Ladakh is only seeking security within India’s constitutional framework
Recent violence in the tribal majority border region has so far seen four deaths and over seventy injuries. For policymakers, this must be a reminder that the longer Ladakh’s constitutional fate hangs in limbo, the longer the risks of radicalisation remain.

Published on: 2 October 2025, 01:47 pm
FOR MOST OF INDEPENDENT INDIA’S HISTORY, Ladakh symbolised peace, resilience, and patriotism. It has stood firm at the nation’s northern frontier, both geographically and ideologically. Yet today, the region finds itself in turmoil. What began as a peaceful demand for constitutional safeguards has spiralled into violent clashes—an alarming development in a border region where national security and democratic stability are deeply intertwined.
Recent protests in Leh and Kargil saw stone-pelting, arson, and police firing, resulting in at least four deaths, one of whom was a Kargil war veteran and over seventy injuries. This is perhaps the most serious escalation in Ladakh since the early 1990s. The tragedy marks a shift from constitutional assertion to public frustration, and the Union government can no longer afford to treat these demands as peripheral.

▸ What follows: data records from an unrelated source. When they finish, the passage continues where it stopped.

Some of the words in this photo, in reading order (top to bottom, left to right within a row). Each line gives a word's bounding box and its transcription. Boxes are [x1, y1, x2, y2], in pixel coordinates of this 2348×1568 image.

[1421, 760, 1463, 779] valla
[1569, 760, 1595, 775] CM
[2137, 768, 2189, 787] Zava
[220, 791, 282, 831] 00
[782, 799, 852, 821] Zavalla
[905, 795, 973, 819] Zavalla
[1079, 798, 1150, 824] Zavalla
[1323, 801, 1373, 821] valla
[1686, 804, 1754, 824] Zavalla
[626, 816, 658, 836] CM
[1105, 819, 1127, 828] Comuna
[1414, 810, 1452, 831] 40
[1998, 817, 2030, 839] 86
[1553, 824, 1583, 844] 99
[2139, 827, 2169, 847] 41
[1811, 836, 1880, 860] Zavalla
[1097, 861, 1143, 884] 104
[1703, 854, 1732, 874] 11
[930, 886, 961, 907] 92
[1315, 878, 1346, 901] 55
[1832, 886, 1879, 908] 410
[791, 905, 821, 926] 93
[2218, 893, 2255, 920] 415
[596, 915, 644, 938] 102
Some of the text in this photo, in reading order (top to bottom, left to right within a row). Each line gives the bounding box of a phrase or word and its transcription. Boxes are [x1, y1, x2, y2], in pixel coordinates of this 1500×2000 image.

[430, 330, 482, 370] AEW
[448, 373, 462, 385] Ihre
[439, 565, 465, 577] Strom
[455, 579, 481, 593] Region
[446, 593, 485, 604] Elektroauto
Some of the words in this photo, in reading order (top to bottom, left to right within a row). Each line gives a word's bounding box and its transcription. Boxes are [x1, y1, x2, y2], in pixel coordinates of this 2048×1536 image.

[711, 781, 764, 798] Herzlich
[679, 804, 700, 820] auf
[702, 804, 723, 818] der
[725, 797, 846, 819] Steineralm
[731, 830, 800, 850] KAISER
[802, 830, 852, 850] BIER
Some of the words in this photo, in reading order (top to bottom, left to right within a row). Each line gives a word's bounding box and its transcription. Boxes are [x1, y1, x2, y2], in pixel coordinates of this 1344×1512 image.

The roots of the current crisis lie in the Jammu and Kashmir Reorganisation Act of August 2019, which revoked Article 370 and bifurcated the erstwhile state into two Union Territories—Jammu & Kashmir, with a legislature, and Ladakh, without one.
At the time, many in Ladakh welcomed the decision, believing it would empower them with direct access to the Centre and shield them from neglect by Kashmir-based administrations. Public figures such as Sonam Wangchuk, now a leading voice in the protests, had initially expressed cautious optimism. But five years later, expectations of inclusive governance lie unfulfilled.
Ladakh today has no legislative assembly, no local law-making authority, and no constitutional safeguards for land, jobs, or culture. Decisions are made by unelected bureaucrats under the Lieutenant Governor, invoking Article 239 of the Constitution, which centralises authority in Union Territories. This creates what constitutional scholars describe as a “democratic deficit”—a condition where administrative control replaces representative governance.
Ladakh today has no legislative assembly, no local law-making authority, and no constitutional safeguards for land, jobs, or culture.
The present movement is centred on two principal demands: full statehood for Ladakh and its inclusion in the Sixth Schedule of the Indian Constitution. Statehood is seen as essential for political representation and self-governance, while the Sixth Schedule offers cultural and economic safeguards that no ordinary law can guarantee. The Sixth Schedule, under Articles 244(2) and 275–279, applies to tribal-majority areas in Assam, Meghalaya, Tripura, and Mizoram. It provides for the creation of Autonomous District Councils (‘ADCs’) with legislative, financial, and judicial authority. These councils have the power to make laws on land and forests, agriculture, local customs and traditions, and dispute resolution. Importantly, their powers can override state law unless the Governor explicitly alters them. This provides a degree of permanence and security for indigenous communities, protecting their land, culture, and economic interests from potential displacement.
Ladakh’s eligibility for inclusion is undeniable. In 2019, the National Commission for Scheduled Tribes (‘NCST’) noted that 97 percent of Ladakh’s population qualifies as Scheduled Tribes and recommended immediate inclusion under the Sixth Schedule. Yet this recommendation remains unimplemented, leaving Ladakhis fearful of losing control over their resources and identity. For them, the Sixth Schedule is not just a legal provision but a constitutional shield of permanence.